Recorded information:
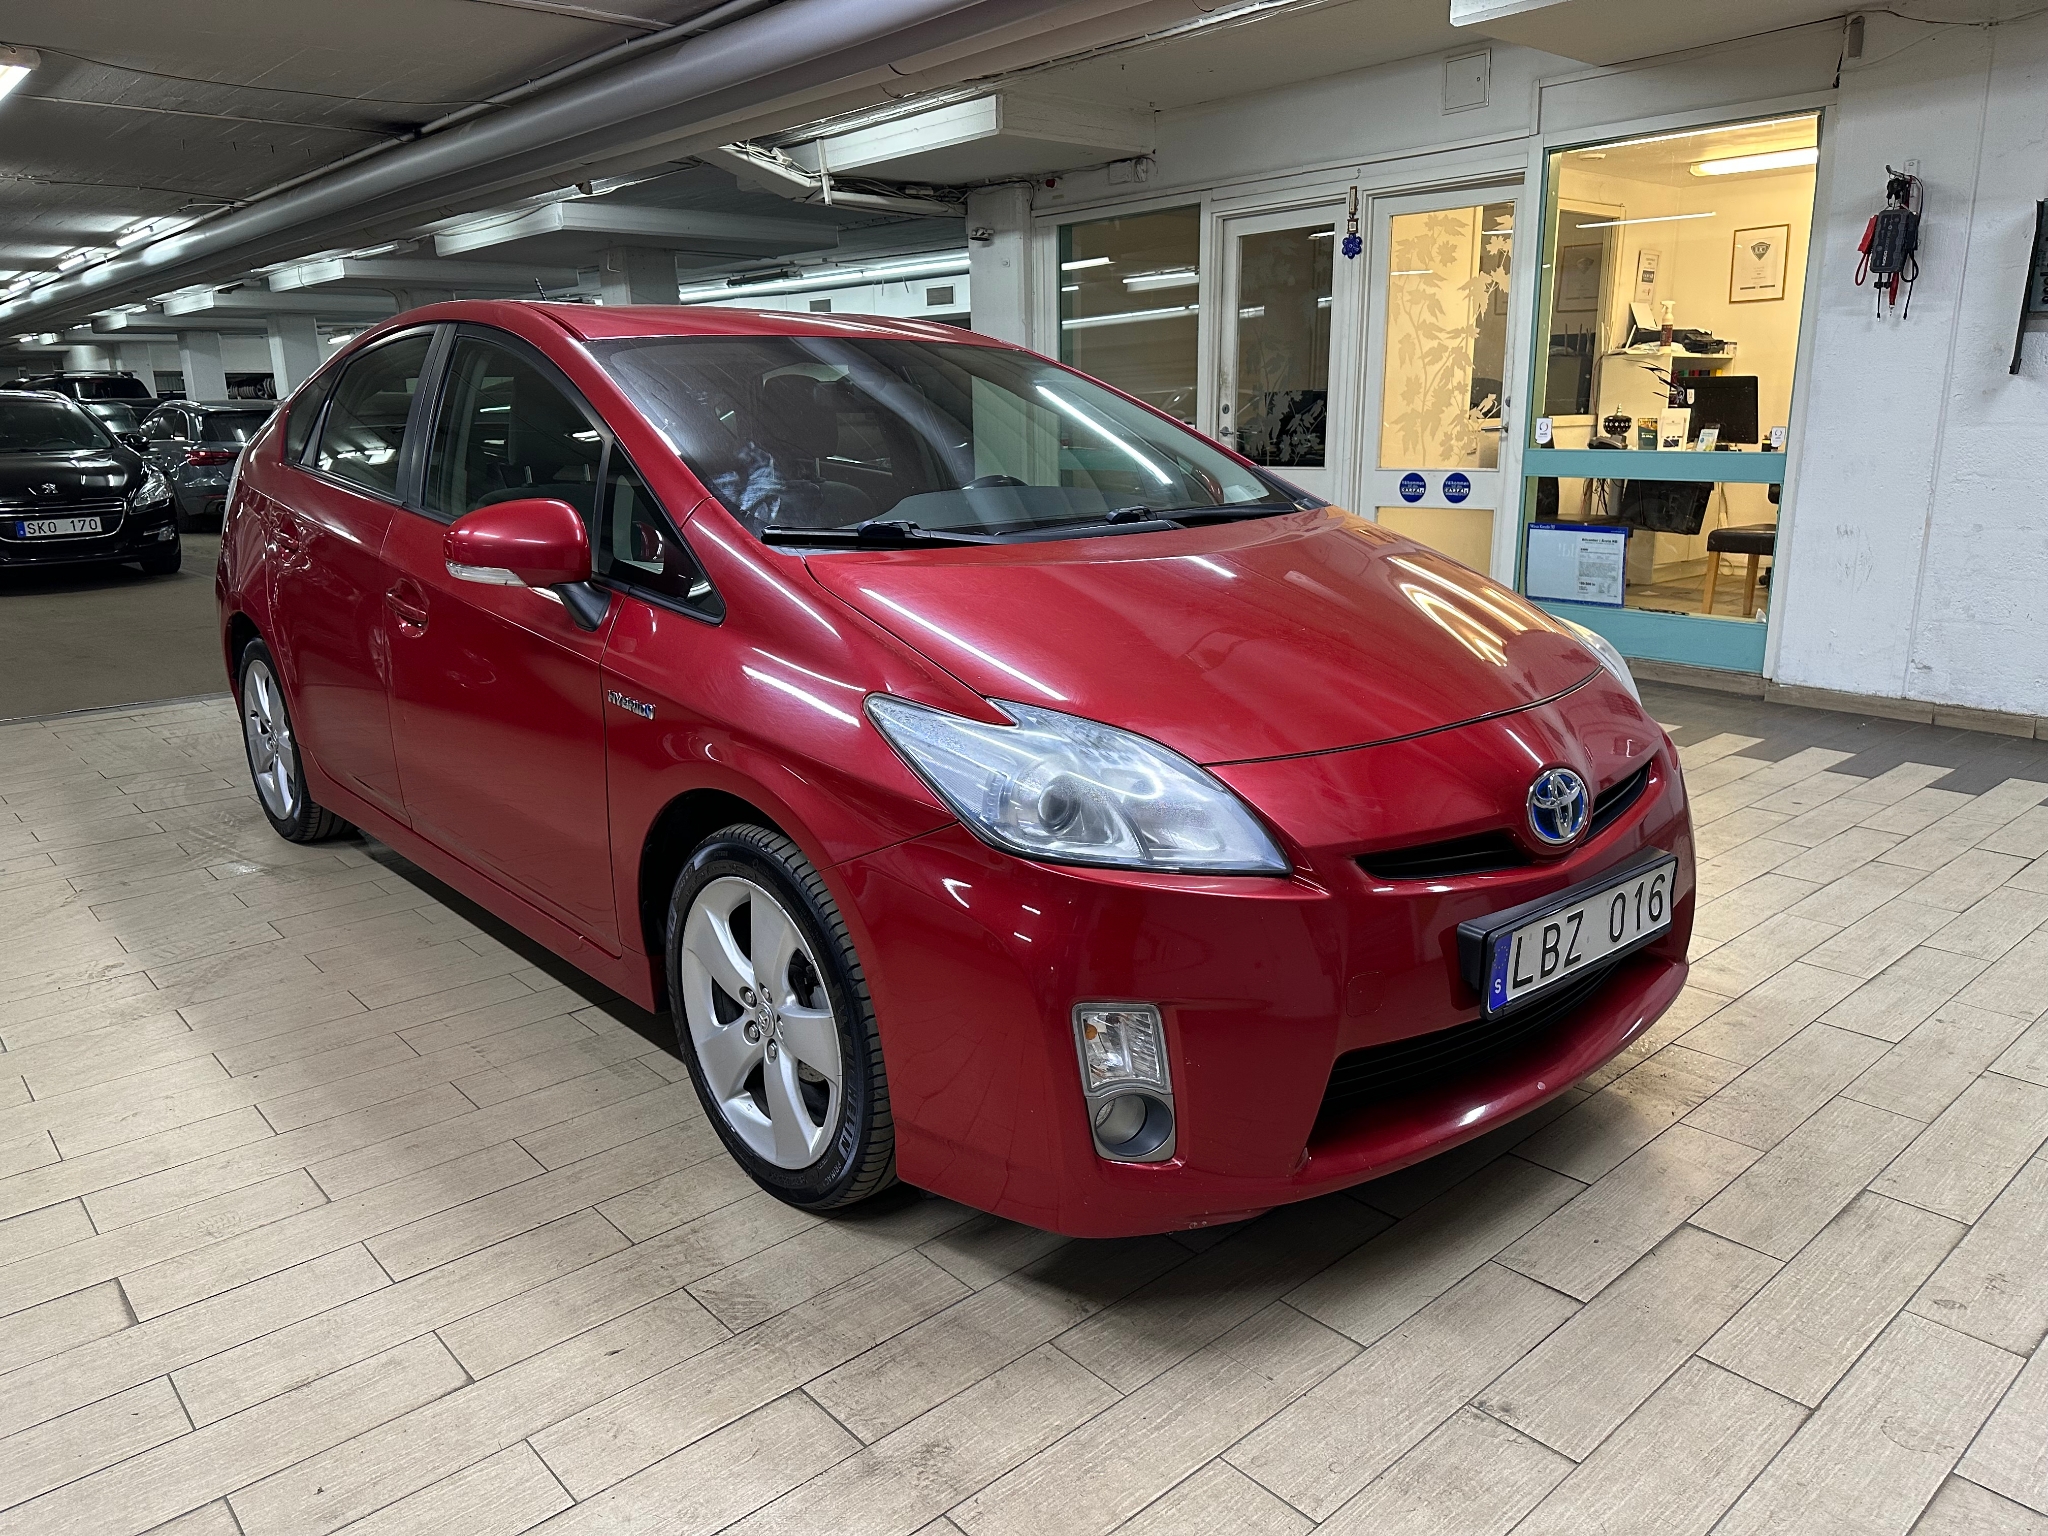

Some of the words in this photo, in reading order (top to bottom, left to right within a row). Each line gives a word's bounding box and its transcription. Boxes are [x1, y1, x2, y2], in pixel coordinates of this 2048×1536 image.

[27, 521, 57, 535] SKO
[70, 518, 98, 532] 170
[1512, 909, 1584, 990] LBZ
[1609, 873, 1666, 943] 016
[1494, 978, 1502, 994] S

Aim of the task: Print every entry above verbatim but drop the images.

Answer to the exercise:
Some of the words in this photo, in reading order (top to bottom, left to right within a row). Each line gives a word's bounding box and its transcription. Boxes are [x1, y1, x2, y2], in pixel coordinates of this 2048×1536 image.

[27, 521, 57, 535] SKO
[70, 518, 98, 532] 170
[1512, 909, 1584, 990] LBZ
[1609, 873, 1666, 943] 016
[1494, 978, 1502, 994] S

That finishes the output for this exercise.